Il panorama della mobilità sostenibile in Italia si arricchisce di una nuova possibilità per i privati e i condomini interessati all’adozione di veicoli elettrici. Con il decreto direttoriale del Ministero per le Imprese del Made in Italy del 7 febbraio 2024, è stata riaperta la finestra per richiedere il bonus dedicato all’installazione di colonnine di ricarica. In questo articolo esploreremo i dettagli di questa opportunità, comprendendo i criteri di accesso e le tempistiche per presentare la propria richiesta.

Il bonus: chi può richiederlo e quanto offre

Il contributo, gestito da Invitalia, mira a incentivare sia le persone fisiche che i condomini ad adottare soluzioni di ricarica per veicoli elettrici. Il bonus copre fino all’80% delle spese sostenute, con un limite massimo di 1.500 euro per le richieste presentate da singoli cittadini, e di 8.000 euro per quelle provenienti da condomini.

Una riapertura, non un nuovo bando

È importante chiarire che questa iniziativa non rappresenta un nuovo bando, bensì una riapertura delle risorse ancora disponibili da bandi precedenti. Le richieste di contributo per l’installazione delle colonnine di ricarica sono già state accettate attraverso due precedenti bandi.

Agevolazioni per le installazioni del 2023

Con questa apertura, si mira ad agevolare le installazioni realizzate nel corso del 2023, dando priorità a coloro che non hanno avuto l’opportunità di presentare la documentazione richiesta prima della scadenza dei bandi precedenti.

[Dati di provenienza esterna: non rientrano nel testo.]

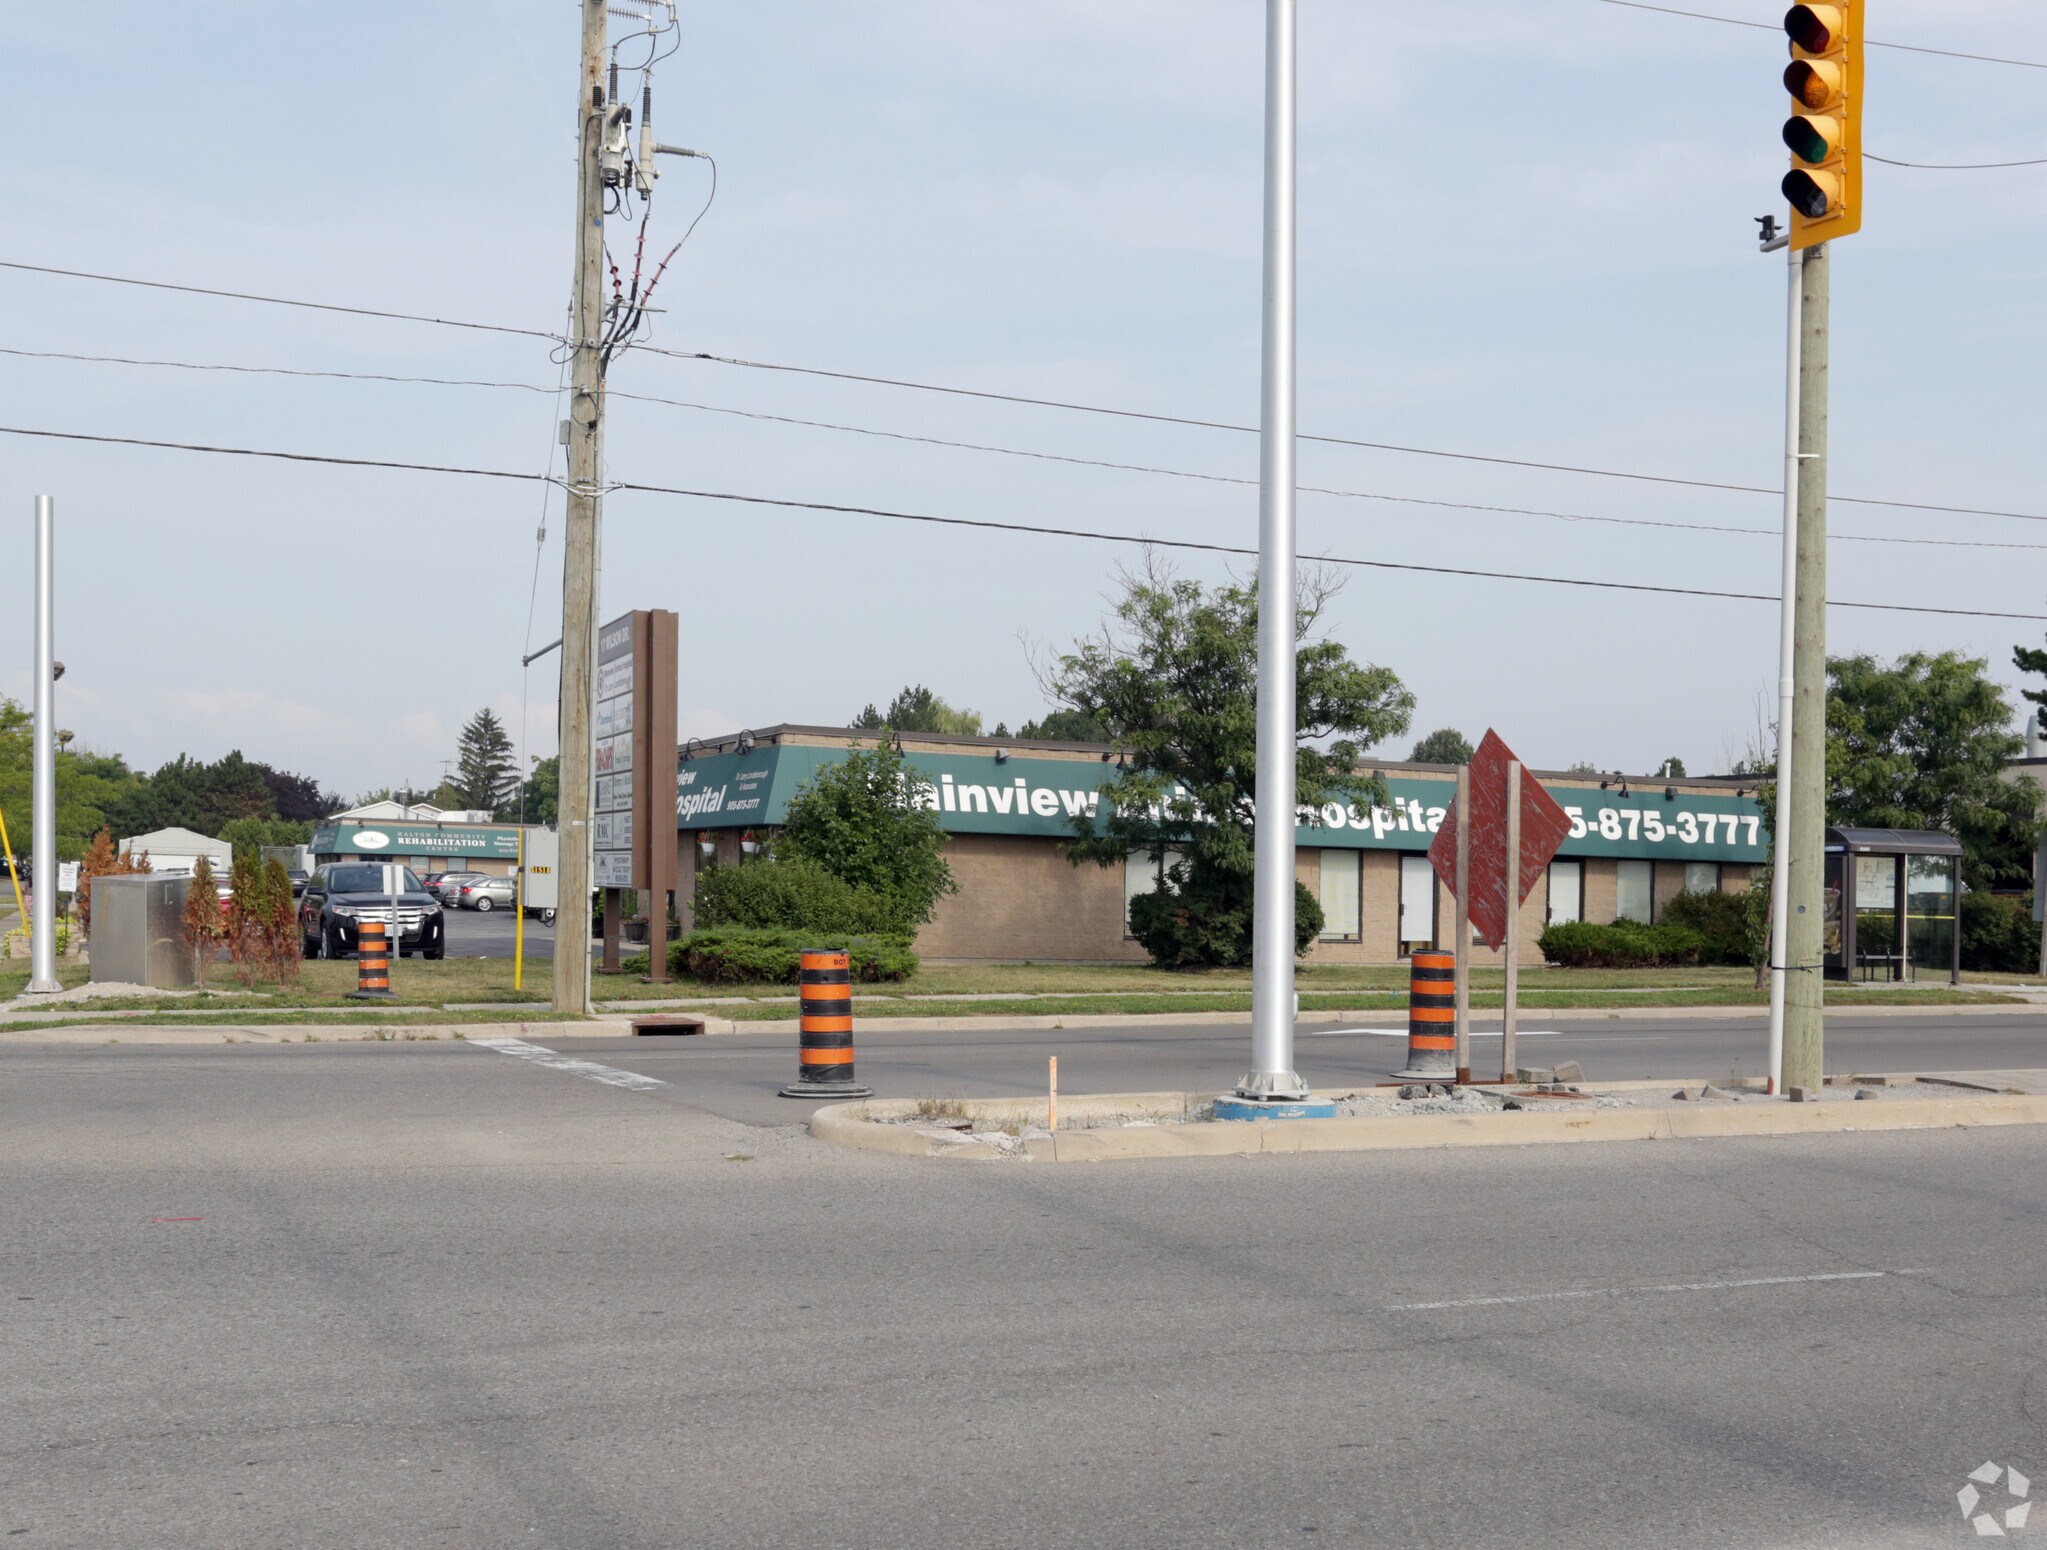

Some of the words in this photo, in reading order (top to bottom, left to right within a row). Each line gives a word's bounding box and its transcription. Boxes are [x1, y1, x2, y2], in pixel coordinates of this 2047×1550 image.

[1295, 797, 1452, 839] ospita
[435, 832, 486, 840] COMMUNITY
[398, 837, 486, 847] REHABILITATION

Il periodo per presentare le domande sarà compreso tra l’1 gennaio e il 31 dicembre 2023. Per coloro che intendono beneficiare di questa opportunità, lo sportello per le richieste sarà aperto dalle ore 12 del 15 febbraio alle ore 12 del 14 marzo 2024.

Come presentare la domanda

Le richieste dovranno essere inviate tramite la piattaforma informatica gestita da Invitalia. Assicurati di fornire tutta la documentazione necessaria e di rispettare l’ordine cronologico di presentazione delle domande per massimizzare le possibilità di ottenere il contributo.